INDELIBLE IMAGE: Well, it’s obvious what the average person will remember most about this movie: that nauseating mountain of gluttony, Mr. Creosote, vomiting gallons of minestrone onto the waitstaff at a swanky French restaurant to make room for his evening meal (including one final “waffer-thin mint”). Due to our particular biases, however, we picked a shot from the “Find the Fish” sequence instead: an elephant in a tuxedo, a man with extended arms, and a punk transvestite with water faucets attached to his/her nipples.

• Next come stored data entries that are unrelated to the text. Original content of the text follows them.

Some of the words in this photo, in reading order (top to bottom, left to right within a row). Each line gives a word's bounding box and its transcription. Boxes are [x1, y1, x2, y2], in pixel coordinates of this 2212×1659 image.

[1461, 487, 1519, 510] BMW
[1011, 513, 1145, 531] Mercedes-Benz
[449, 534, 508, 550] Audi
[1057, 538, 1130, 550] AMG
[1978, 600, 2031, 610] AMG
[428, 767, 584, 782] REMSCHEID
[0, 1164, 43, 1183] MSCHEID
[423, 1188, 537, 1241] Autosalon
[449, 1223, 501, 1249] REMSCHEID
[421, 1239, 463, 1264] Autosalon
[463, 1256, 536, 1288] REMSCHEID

THREE WEIRD THINGS: Fishy Python chorus; nipple spout punk; Christmas in Heaven
WHAT MAKES IT WEIRD: Monty Python were the pioneers of modern surreal comedy; without the groundwork they laid, there would be nothing to show on Adult Swim. Python is too important to weird culture to go unrecognized on a list like this, and The Meaning of Life is their weirdest big screen work, the equivalent of an R-rated “Flying Circus” episode with nudity, blasphemy, grossout humor, absurdity, and, of course, fish.
Original trailer for Monty Python’s The Meaning of Life
COMMENTS: Their rambunctiously silly and absurd style of comedy Continue reading 363. MONTY PYTHON’S THE MEANING OF LIFE (1983)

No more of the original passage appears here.